Complex & Intelligent Systems ( IF 5.0 ) Pub Date : 2024-11-13 , DOI: 10.1007/s40747-024-01614-w Xue Bo, Junjie Liu, Di Yang, Wentao Ma
Text-based cross-modal vehicle retrieval has been widely applied in smart city contexts and other scenarios. The objective of this approach is to identify semantically relevant target vehicles in videos using text descriptions, thereby facilitating the analysis of vehicle spatio-temporal trajectories. Current methodologies predominantly employ a two-tower architecture, where single-granularity features from both visual and textual domains are extracted independently. However, due to the intricate semantic relationships between videos and text, aligning the two modalities effectively using single-granularity feature representation poses a challenge.

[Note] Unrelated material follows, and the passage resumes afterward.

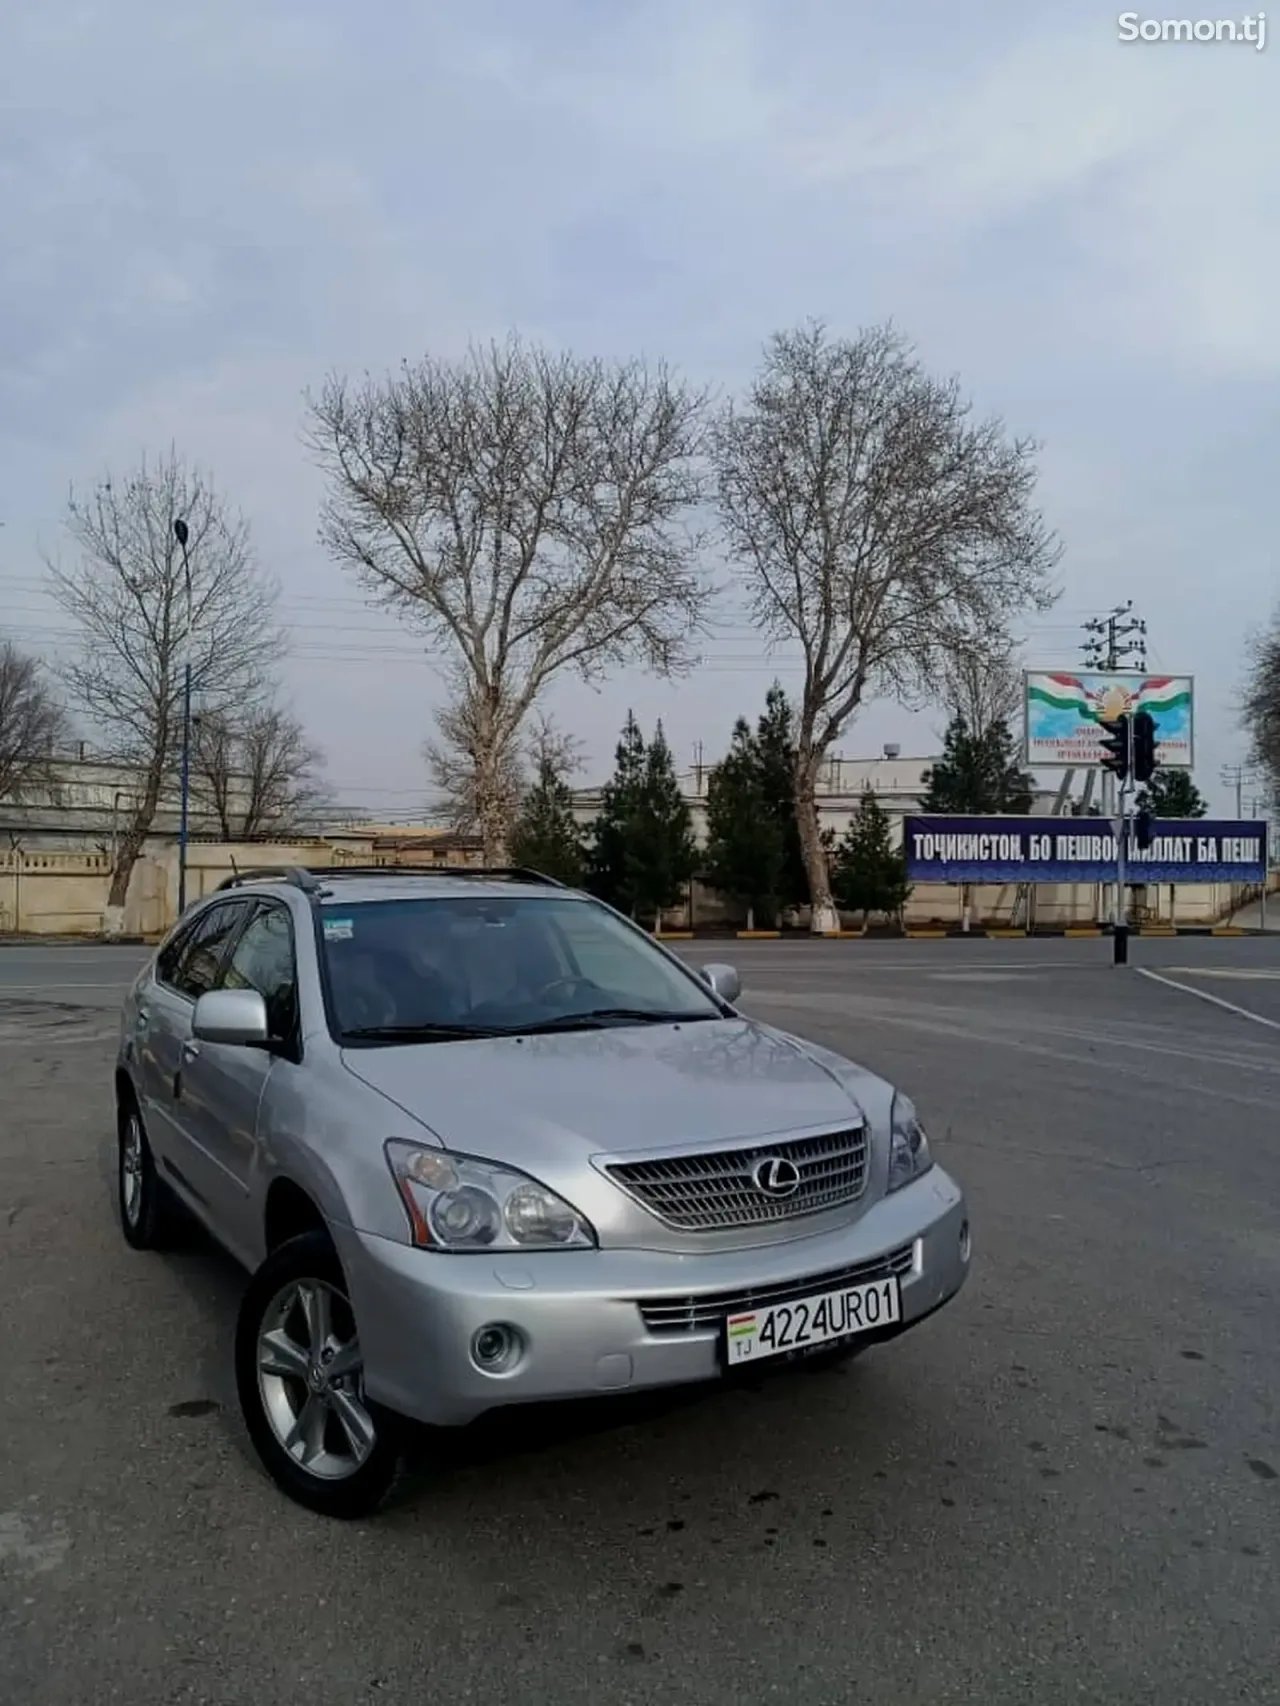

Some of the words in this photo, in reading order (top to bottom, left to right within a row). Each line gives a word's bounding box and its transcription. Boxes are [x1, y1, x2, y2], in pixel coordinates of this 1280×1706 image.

To address this issue, we introduce a Multi-Granularity Representation Learning model, termed MGRL, tailored for text-based cross-modal vehicle retrieval. Specifically, the model parses information from the two modalities into three hierarchical levels of feature representation: coarse-granularity, medium-granularity, and fine-granularity. Subsequently, a feature adaptive fusion strategy is devised to automatically determine the optimal pooling mechanism. Finally, a multi-granularity contrastive learning approach is implemented to ensure comprehensive semantic coverage, ranging from coarse to fine levels. Experimental outcomes on public benchmarks show that our method achieves up to a 14.56% improvement in text-to-vehicle retrieval performance, as measured by the Mean Reciprocal Rank (MRR) metric, when compared against 10 state-of-the-art baselines and 6 ablation studies.
中文翻译:
弥合差距:基于文本的车辆检索的多粒度表示学习
基于文本的跨模态车辆检索已广泛应用于智慧城市环境等场景。这种方法的目标是使用文本描述识别视频中语义相关的目标车辆,从而促进车辆时空轨迹的分析。当前的方法主要采用双塔架构,其中来自视觉和文本领域的单粒度特征是独立提取的。然而,由于视频和文本之间错综复杂的语义关系,使用单粒度特征表示有效地对齐这两种模态是一个挑战。为了解决这个问题,我们引入了一种 Multi-G ranularity Representation L收益模型,称为 MGRL,专为基于文本的跨模态车辆检索量身定制。具体来说,该模型将来自两种模态的信息解析为特征表示的三个分层级别:粗粒度、中粒度和细粒度。随后,设计了一种特征自适应融合策略来自动确定最佳池化机制。最后,实施了一种多粒度对比学习方法,以确保从粗略到精细的全面语义覆盖。公共基准的实验结果表明,与 10 项最先进的基线和 6 项消融研究相比,我们的方法在文本到车辆检索性能方面实现了高达 14.56% 的改进,这是通过平均倒数秩 (MRR) 指标衡量的。